**TASK:** Every entry below must be repeated exactly; skip the pictures.

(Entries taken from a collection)
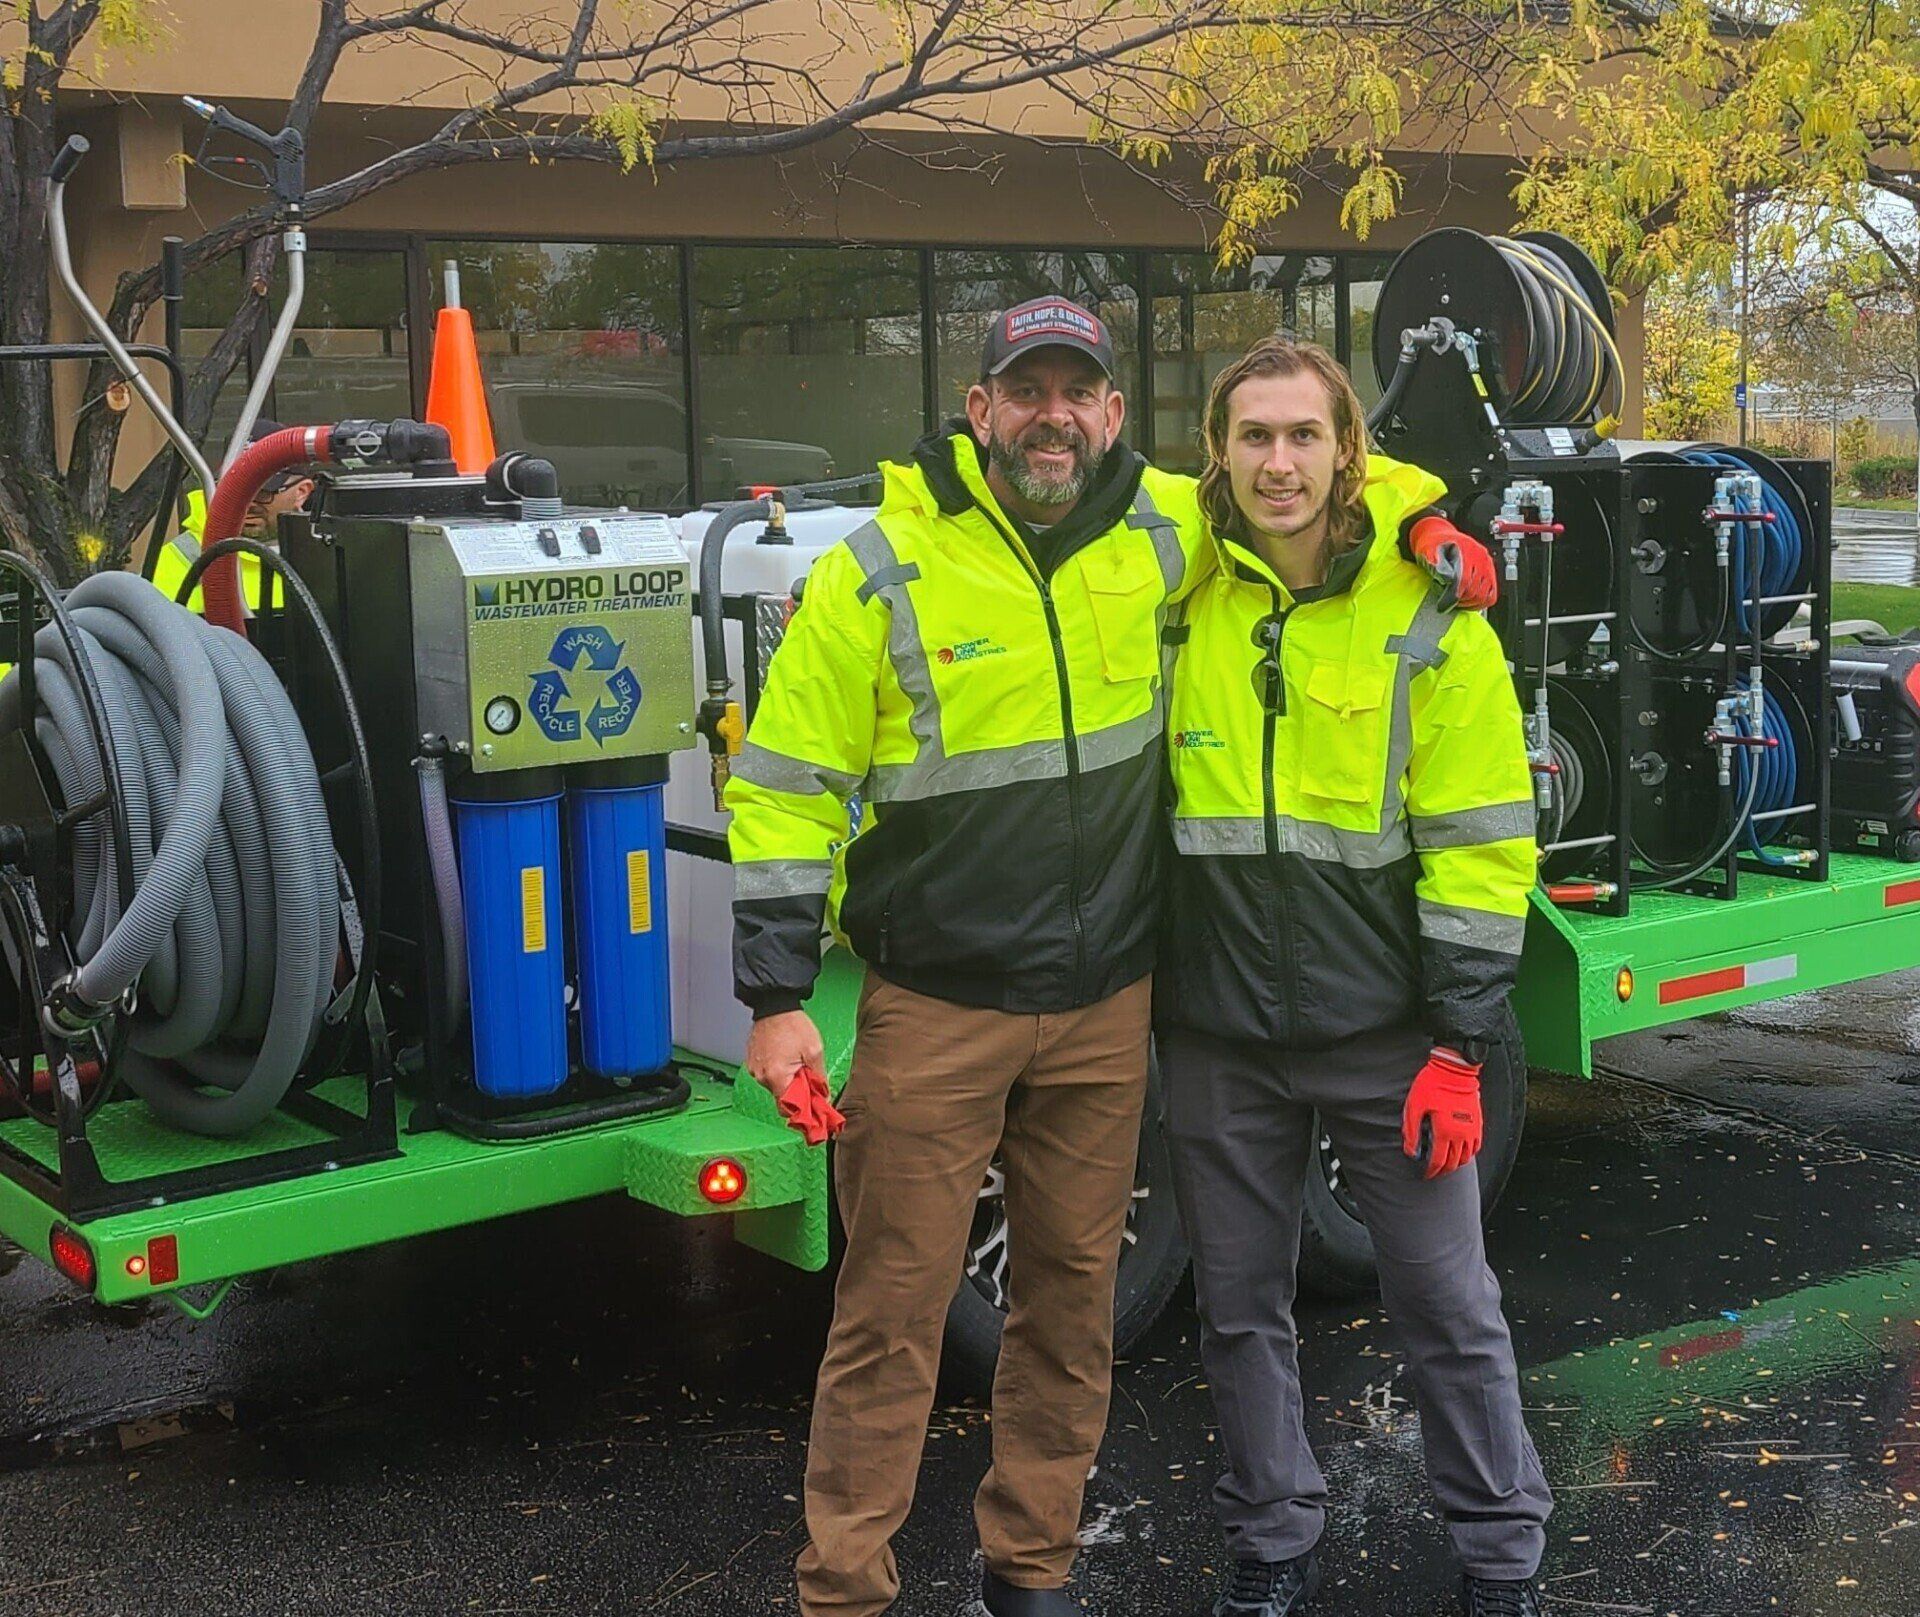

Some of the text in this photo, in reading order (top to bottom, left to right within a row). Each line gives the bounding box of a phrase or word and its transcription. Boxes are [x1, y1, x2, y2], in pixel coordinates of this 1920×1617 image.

[1058, 307, 1065, 319] &
[505, 570, 684, 604] HYDRO LOOP
[474, 600, 588, 621] WASTEWATER
[563, 633, 604, 652] WASH
[954, 637, 989, 650] POWER
[538, 683, 575, 732] RECYCLE
[598, 674, 633, 729] RECOVER
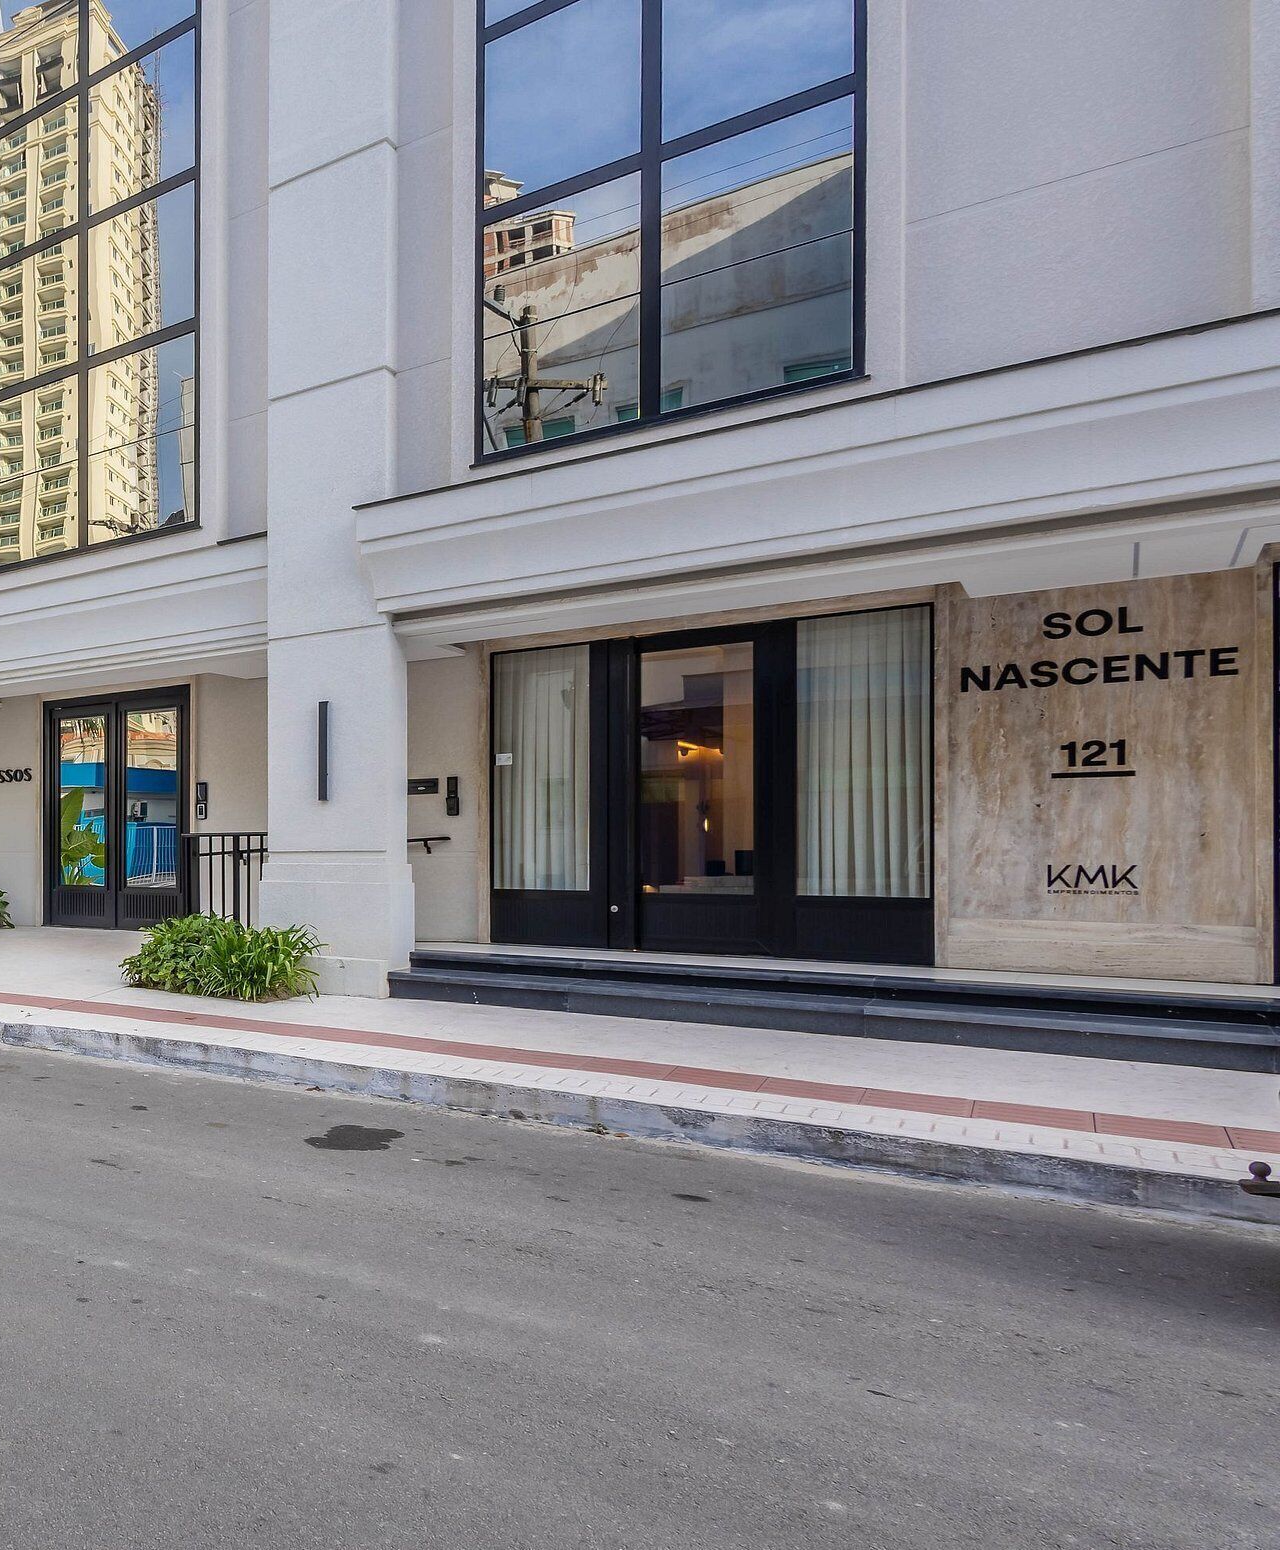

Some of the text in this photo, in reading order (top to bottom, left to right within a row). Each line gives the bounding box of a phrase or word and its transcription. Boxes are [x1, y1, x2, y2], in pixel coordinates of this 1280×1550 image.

[1043, 607, 1143, 639] SOL
[960, 647, 1239, 692] NASCENTE
[1060, 739, 1126, 767] 121
[1047, 864, 1138, 889] KMK

**REPLY:**
Some of the text in this photo, in reading order (top to bottom, left to right within a row). Each line gives the bounding box of a phrase or word and its transcription. Boxes are [x1, y1, x2, y2], in pixel coordinates of this 1920×1617 image.

[1058, 307, 1065, 319] &
[505, 570, 684, 604] HYDRO LOOP
[474, 600, 588, 621] WASTEWATER
[563, 633, 604, 652] WASH
[954, 637, 989, 650] POWER
[538, 683, 575, 732] RECYCLE
[598, 674, 633, 729] RECOVER

Some of the text in this photo, in reading order (top to bottom, left to right within a row). Each line gives the bounding box of a phrase or word and its transcription. Boxes are [x1, y1, x2, y2], in pixel coordinates of this 1280×1550 image.

[1043, 607, 1143, 639] SOL
[960, 647, 1239, 692] NASCENTE
[1060, 739, 1126, 767] 121
[1047, 864, 1138, 889] KMK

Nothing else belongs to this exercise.